The second chapter is aimed at estimating and evaluating prediction rules in data generated in matched case-control studies that are nested within large prospective cohorts. This work is motivated by a matched case-control study nested within the Nurses' Health Study, where the goal was to determine if the inclusion of a set of seven endogenous hormone measurements will enhance the predictive ability of breast cancer risk when compared to the previously published Gail Score. For this setting, we propose an algorithm for estimating the summary index, area under the curve (AUC) corresponding to the Receiver Operating Characteristic (ROC) curve associated with a set of pre-defined covariates for predicting a binary outcome. By combining data from the parent cohort with that generated in a matched case-control study, we describe methods for estimation of the population parameters of interest and the corresponding AUC. We evaluate the bias associated with the proposed methods in simulations by considering a range of parameter settings. We illustrate the methods in the motivating study of endogenous hormones and breast cancer risk, nested within the Nurses' Health Study.

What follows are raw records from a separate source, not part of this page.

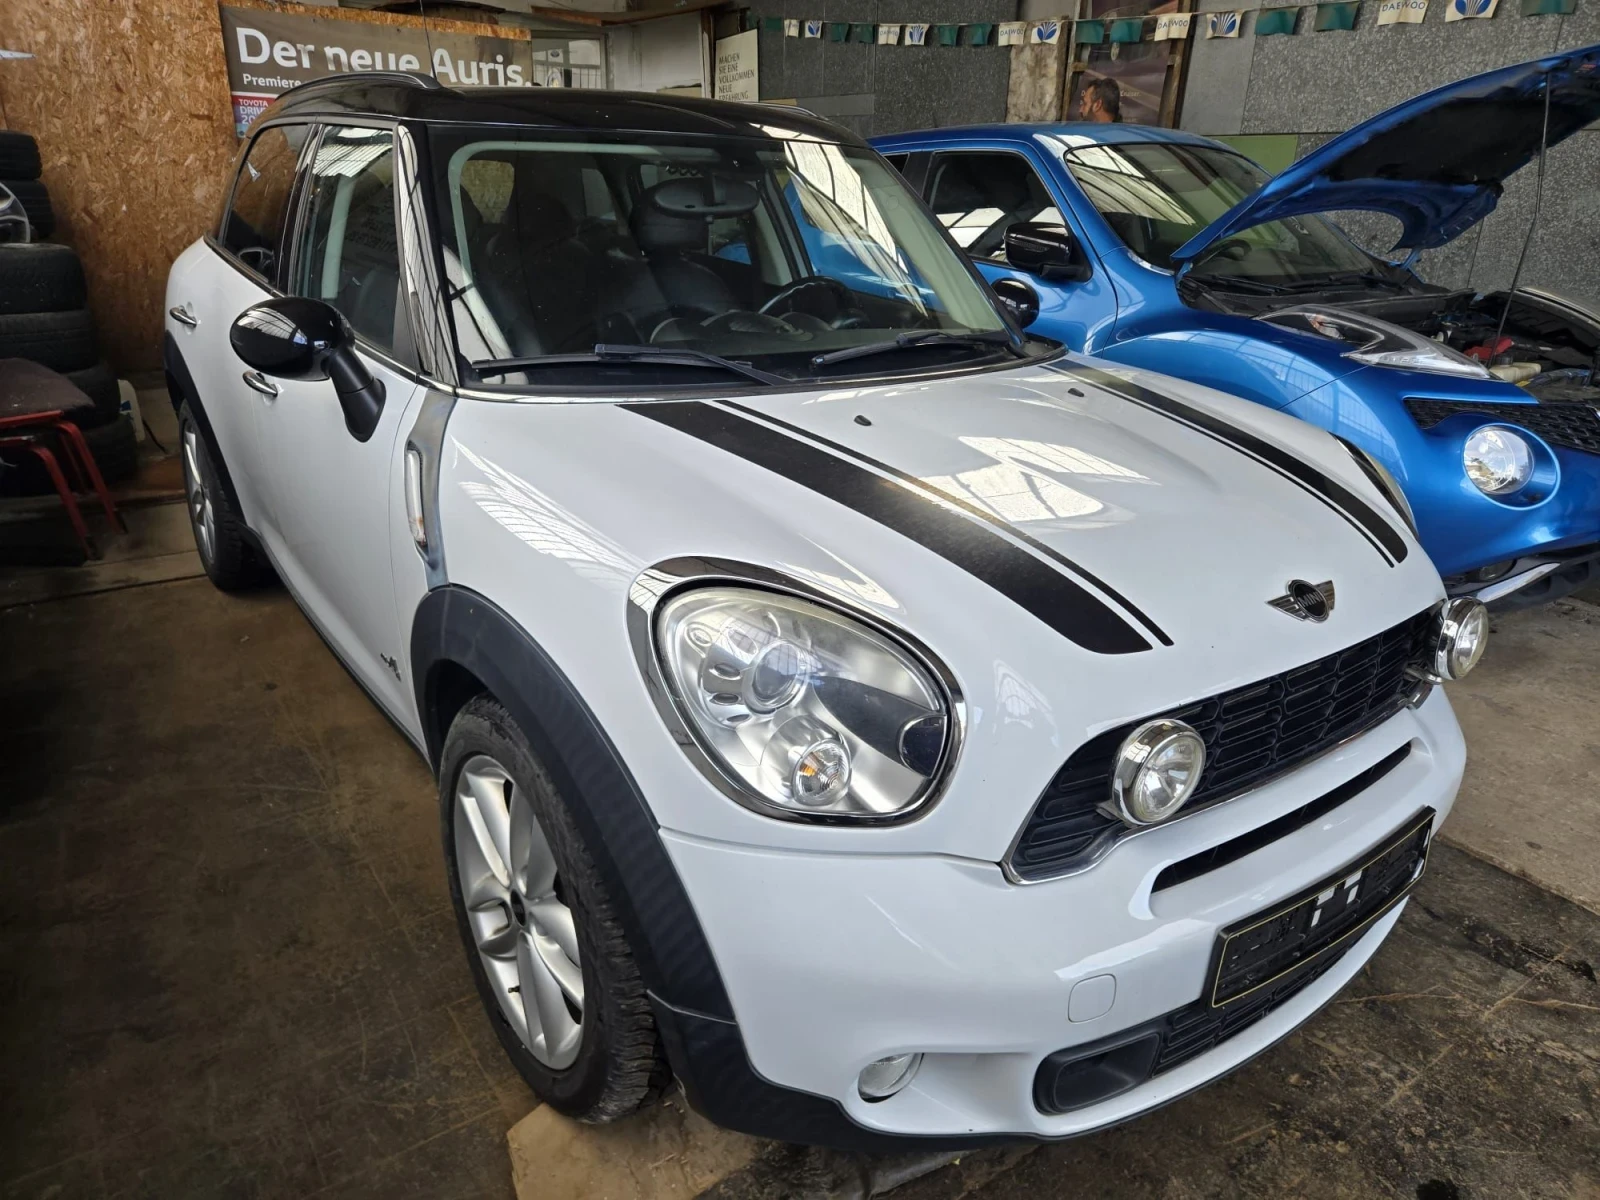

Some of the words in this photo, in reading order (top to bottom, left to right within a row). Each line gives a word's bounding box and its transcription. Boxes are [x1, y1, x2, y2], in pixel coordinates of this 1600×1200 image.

[1381, 1, 1426, 12] DAEWOO
[236, 27, 315, 69] Der
[323, 45, 420, 73] neue
[430, 48, 532, 87] Auris.
[719, 53, 740, 65] MACHEN
[243, 73, 302, 89] Premiere
[719, 68, 755, 84] VOLLKOMMEN
[719, 83, 732, 94] NEUE
[238, 98, 269, 108] TOYOTA
[240, 106, 267, 116] DRIV
[1297, 591, 1323, 607] MINI

The third chapter is aimed at estimating and evaluating prediction rules in high dimensional datasets generated in matched case control studies nested within large prospective cohorts. In this setting, the goals include simultaneous variable selection, estimation of a prediction rule and its corresponding summary index such as the AUC for quantifying the strength of prediction. This work is motivated by an ongoing study of metabolomics of cardiovascular disease in the WHI. Through extensive simulations, we compare three disparate variable selection procedures in conjunction with the parameter estimation and inverse probability weighted estimation of the AUC proposed in Chapter 2. We also evaluate the extent of overfitting observed when the multi-step procedure is carried out within one, two and three independent datasets.

The common thread underlying all three chapters of this thesis is the development and application of statistical models useful in the study of complex disorders, with illustrative applications drawn from diverse areas of women's health.